What to do >>
Reproduce the entries that follow exactly. No picture should appear in the result.

---+---

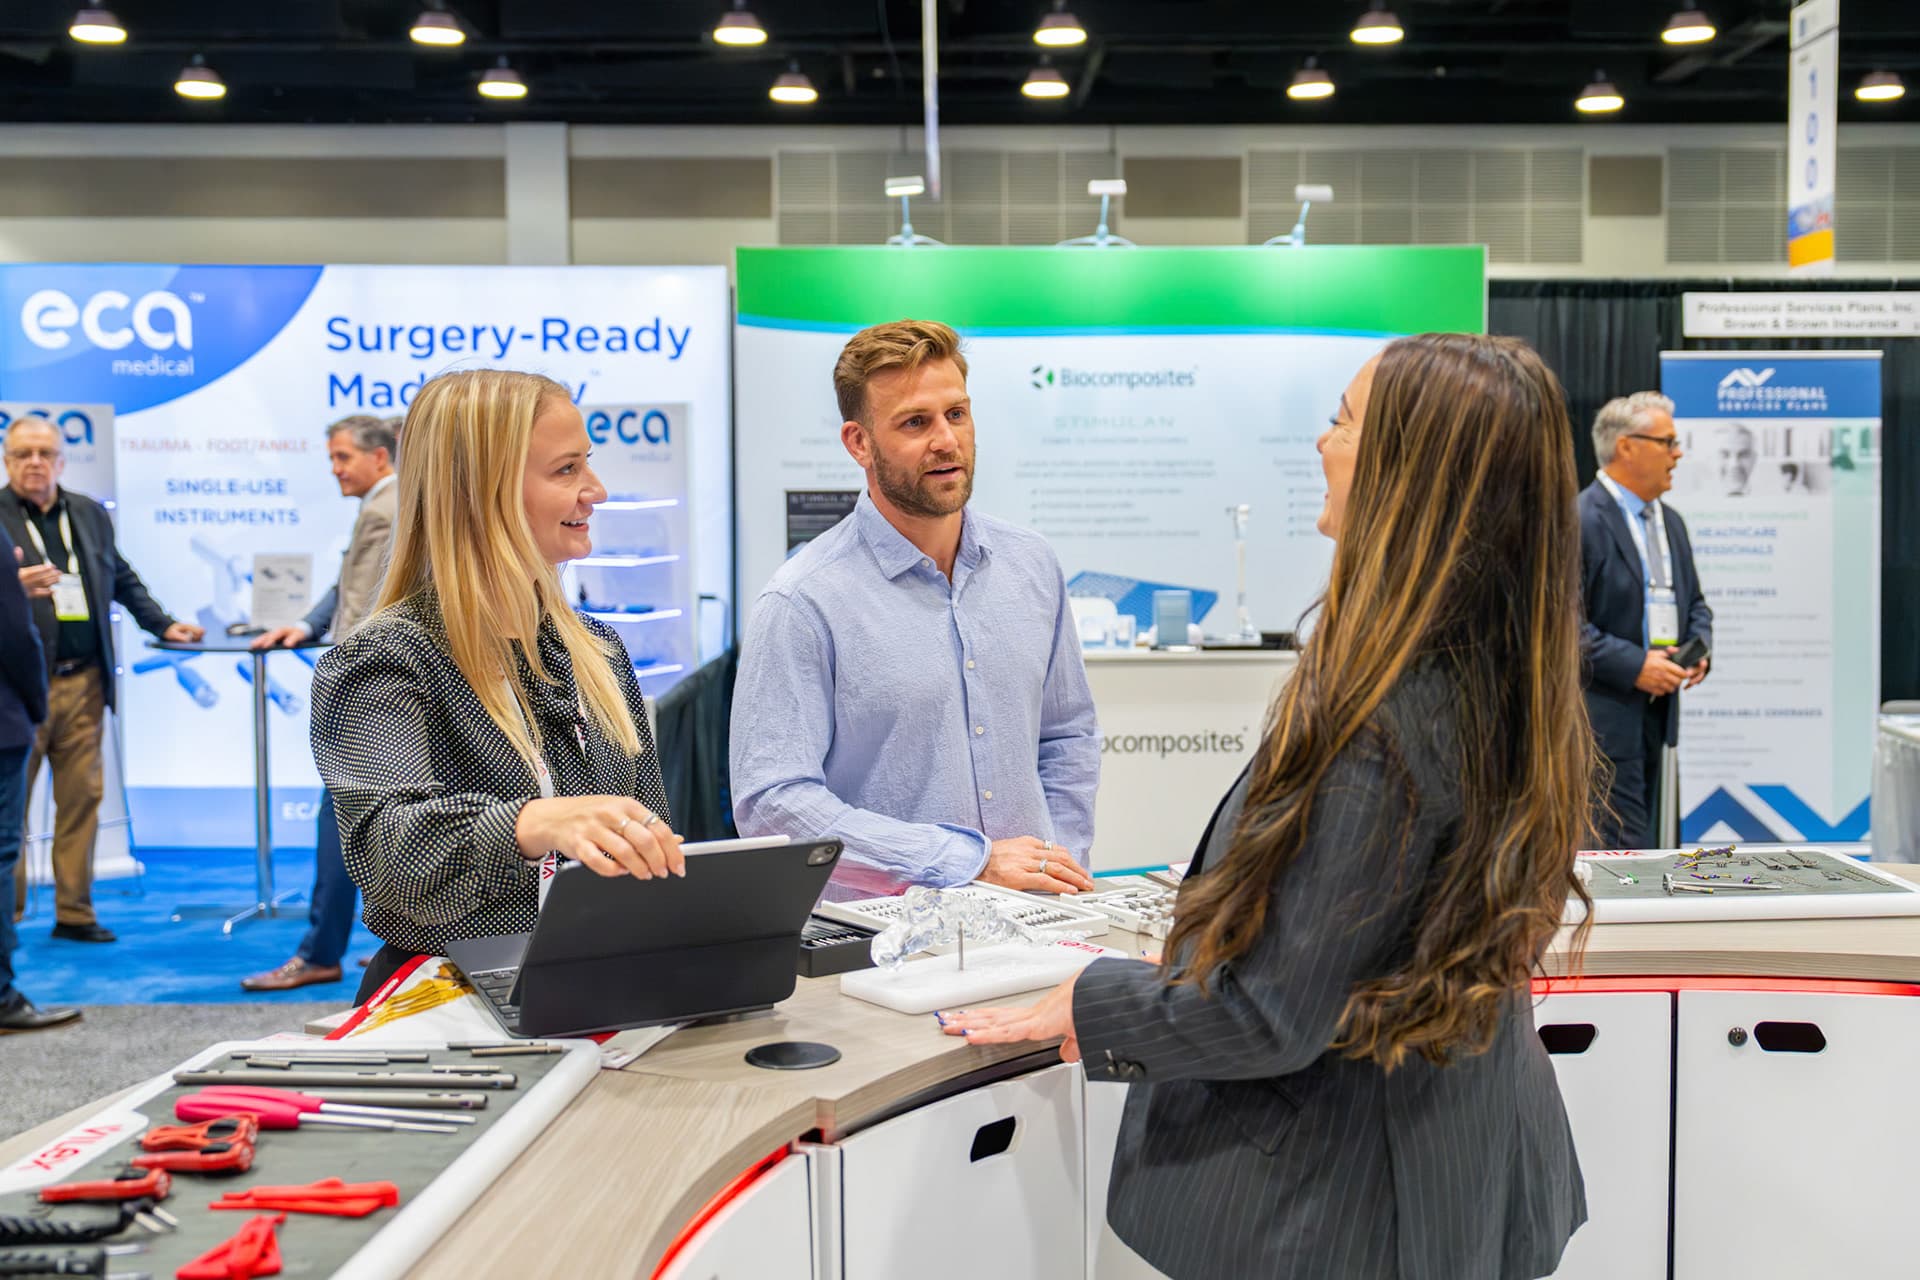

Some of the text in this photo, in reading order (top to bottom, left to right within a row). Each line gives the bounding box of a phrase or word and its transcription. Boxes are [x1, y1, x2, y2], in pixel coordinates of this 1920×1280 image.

[21, 290, 193, 350] eca
[327, 317, 691, 359] Surgery-Ready
[112, 353, 194, 376] medical
[329, 373, 425, 408] Mad
[1060, 368, 1196, 390] Biocomposites
[587, 410, 670, 444] eca
[166, 479, 287, 494] SINGLE-USE
[155, 509, 300, 524] INSTRUMENTS
[1101, 730, 1244, 758] ocomposites

---+---

Problem solution >>
Some of the text in this photo, in reading order (top to bottom, left to right within a row). Each line gives the bounding box of a phrase or word and its transcription. Boxes are [x1, y1, x2, y2], in pixel coordinates of this 1920×1280 image.

[21, 290, 193, 350] eca
[327, 317, 691, 359] Surgery-Ready
[112, 353, 194, 376] medical
[329, 373, 425, 408] Mad
[1060, 368, 1196, 390] Biocomposites
[587, 410, 670, 444] eca
[166, 479, 287, 494] SINGLE-USE
[155, 509, 300, 524] INSTRUMENTS
[1101, 730, 1244, 758] ocomposites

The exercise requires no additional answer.